Sharing with others
- By Michelle Speir
- Mar 31, 2002
One of the major attractions of electronic whiteboard systems is the ability to share information with people at other computers, whether they are in the same office or in a remote location.
Interlink Electronics Inc.'s FreeBeam Wireless Whiteboard offers several ways to do this.
If all participants are connected via a local-area network, the host's computer could be used as a server for sharing the meeting, but all participants must have the FreeBeam software installed on their computers.
If participants connect from remote locations, the meeting host can use the FreeBeam server, maintained by Electronics for Imaging Inc., free of charge. Participants connect via their Web browsers and do not need to have the FreeBeam software installed.
FreeBeam can also be used with Micro.soft Corp. NetMeeting. Everything written on the physical whiteboard will appear on the NetMeeting whiteboard.
Meeting sharing is an easy process that takes just a few steps to initiate. When you want to start a meeting, FreeBeam generates an e-mail invitation containing the information needed to participate, such as the meeting's name, password, date and time. As the host, you can edit this e-mail to add relevant information. FreeBeam composes the message using your existing e-mail system.
We shared a meeting via the Internet using the FreeBeam server with a participant who did not have the software installed. The participant, however, could simply click on the link contained in the invitation to join the meeting.
This method of meeting sharing is convenient and works well, but there are several limitations, which the company lists in the user manual. For example, Microsoft Internet Explorer is the recommended browser. Participants can't join a meeting using Netscape Communications Corp's browser on an Apple Computer Inc. Macintosh, because Netscape cannot run the Java applet. Also, highlighter lines are drawn with a solid pattern instead of being transparent.

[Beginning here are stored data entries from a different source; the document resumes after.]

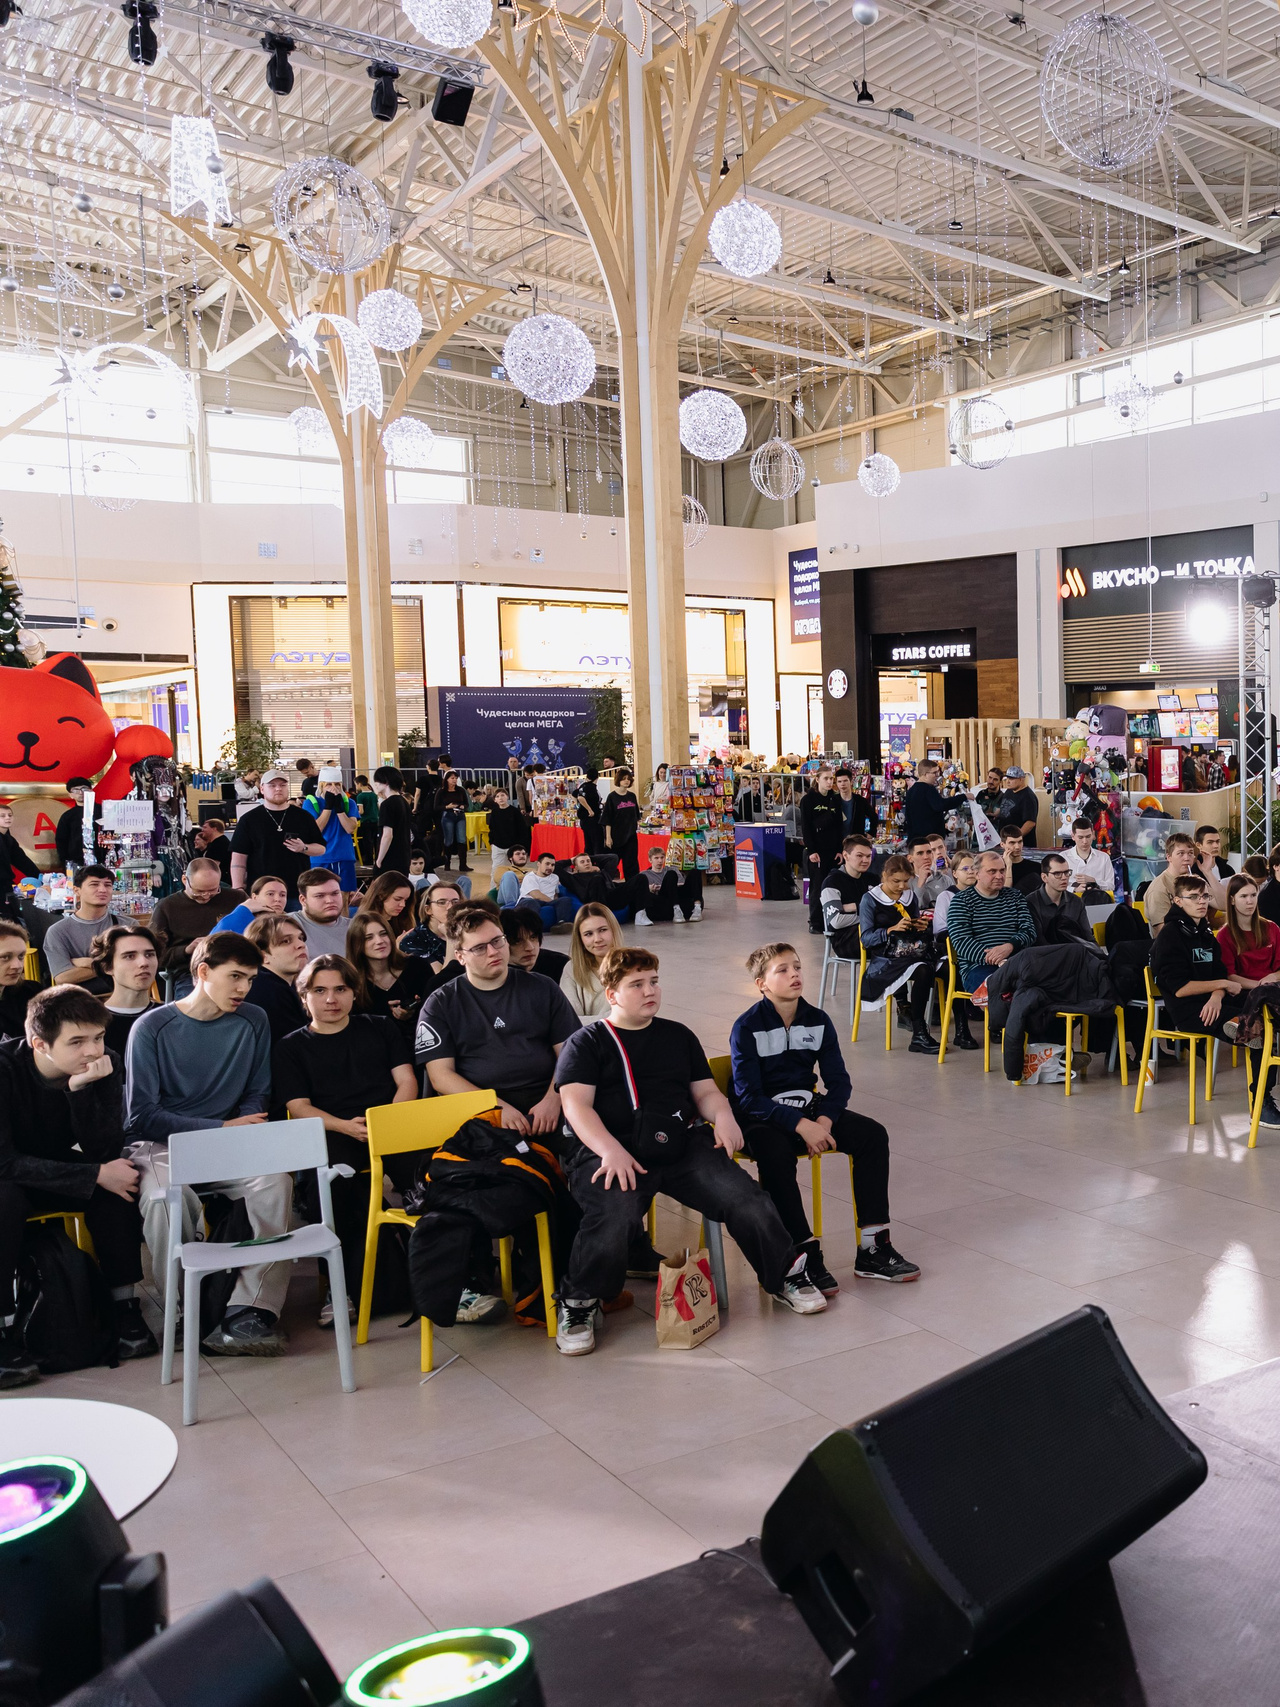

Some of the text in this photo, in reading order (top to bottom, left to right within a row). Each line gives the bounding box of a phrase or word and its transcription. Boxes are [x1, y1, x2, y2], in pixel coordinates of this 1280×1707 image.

[1092, 566, 1160, 589] ВКУСНО
[1193, 556, 1256, 576] ТОЧКА
[892, 644, 971, 660] STARS COFFEE
[476, 708, 527, 719] Чудесных
[528, 710, 575, 718] подарков
[504, 719, 564, 729] целая МЕГА
[765, 827, 783, 835] RT.RU

There are several useful functions for managing a shared meeting. A chat function lets participants chat in real time during the meeting and a synchronize option ensures that everyone in the meeting can see everything that has been written on the whiteboard. It also "catches up" late joiners. The host can also prevent participants from modifying the meeting notes with the drawing tools. All participants can be blocked at the same time, or the host can select individual people to block. The host can also eliminate a participant from the meeting without ending it. Interestingly, the eliminated person receives a message stating simply that the meeting has ended — a diplomatic touch, perhaps.
One other feature we'd like to start seeing with electronic whiteboard products is voice over IP, especially since collaborative software from vendors such as Groove Networks Inc. is becoming widely available. Voice capability would facilitate the meeting process and round out the package nicely.